Previous studies have examined health service utilization in the period leading up to diagnosis.5,16,28 A single-centre survey in the US found no difference in access to primary care between children who presented with DKA and those who did not; however, this result may have been attributable to the small sample size (n = 61).16 A population-based cohort study in Canada found that, relative to children who did not have DKA, those who presented with DKA were more likely to have had at least 1 medical visit in the week preceding the diagnosis of diabetes.5 Similarly, a retrospective chart audit in New Zealand showed that children who presented with DKA were more likely to have had 1 or more primary care visits in the month preceding diagnosis.28 Although the latter 2 studies did not specifically measure access to primary care, they do suggest that the quality of primary care encounters is an important factor in decreasing DKA risk. Our population-based study adds to this literature, suggesting that having a usual provider of care is an important factor in mitigating DKA risk.

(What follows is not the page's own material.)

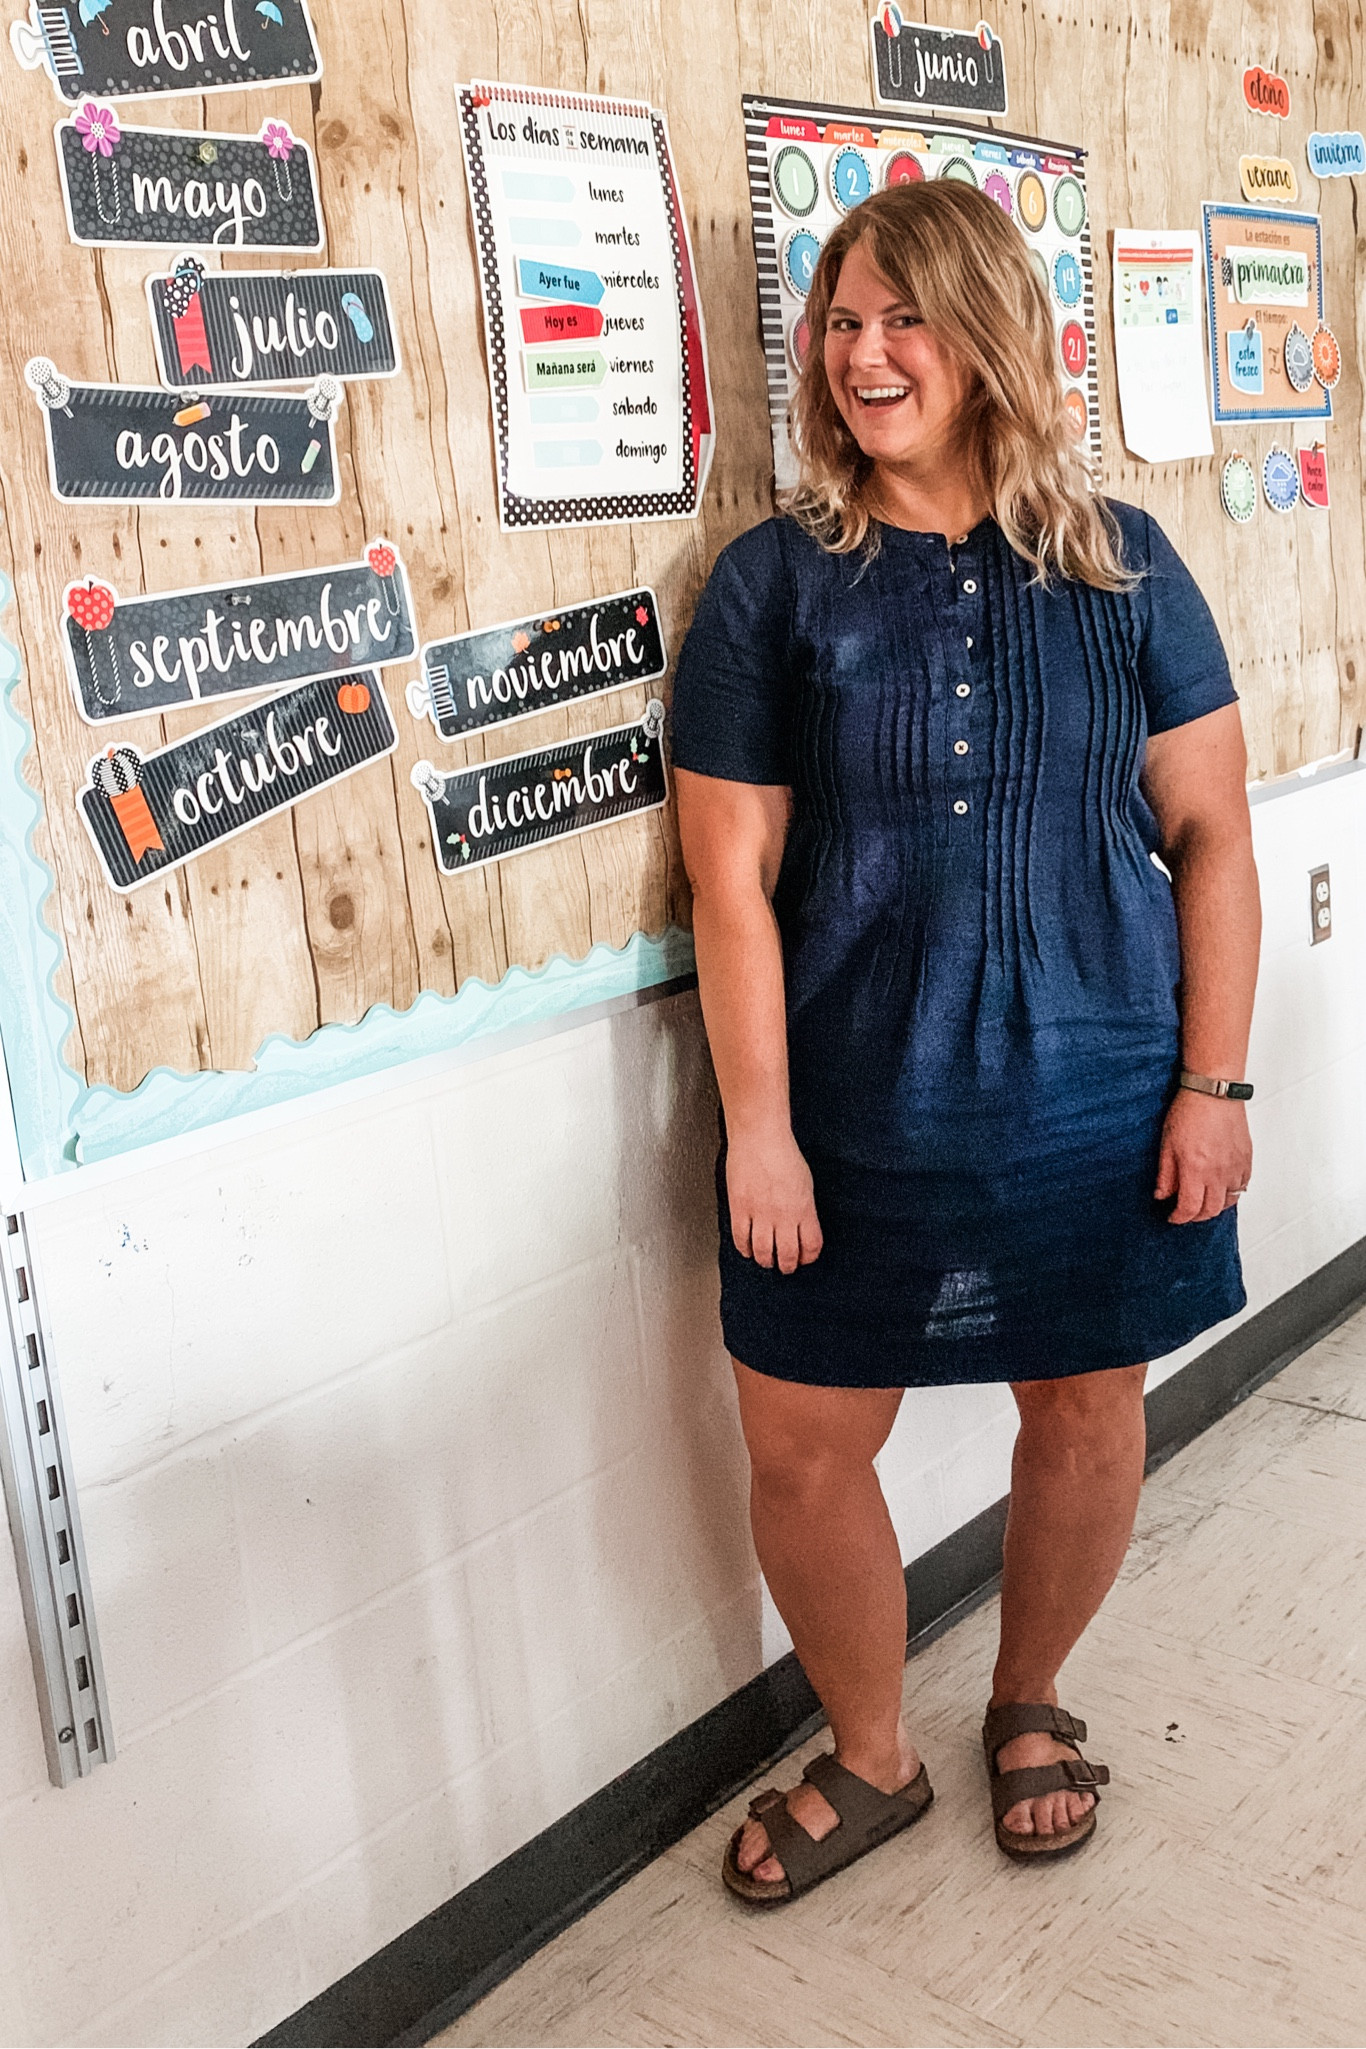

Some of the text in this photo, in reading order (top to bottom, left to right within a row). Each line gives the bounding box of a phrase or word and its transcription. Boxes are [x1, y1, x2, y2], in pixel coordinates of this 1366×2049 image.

Similar to our findings, studies in the general pediatrics literature have shown an association between having a usual provider of care and decreased use of acute health services (i.e., hospital admissions, emergency department visits).12,29,30 Several mechanisms may explain the relation between having a usual provider of care and presence of DKA at diabetes onset. These include the beneficial effects of continuous primary care, whereby the provider has background knowledge of a child’s baseline health status and would be more alert to new symptoms; the beneficial effects of preventive care, whereby parents are counselled during well-child care visits about general health and are told whom to contact in case of illness; and the beneficial effects of the underlying physician–patient relationship, which may influence families’ health-seeking behaviours, with parents being more willing to seek medical help from their usual provider of care for nonemergent issues.12,31 As a result, the dynamics that result from having a usual provider of care may contribute to more timely access to the health care system, thus decreasing the diagnostic delay and prompting early institution of treatment.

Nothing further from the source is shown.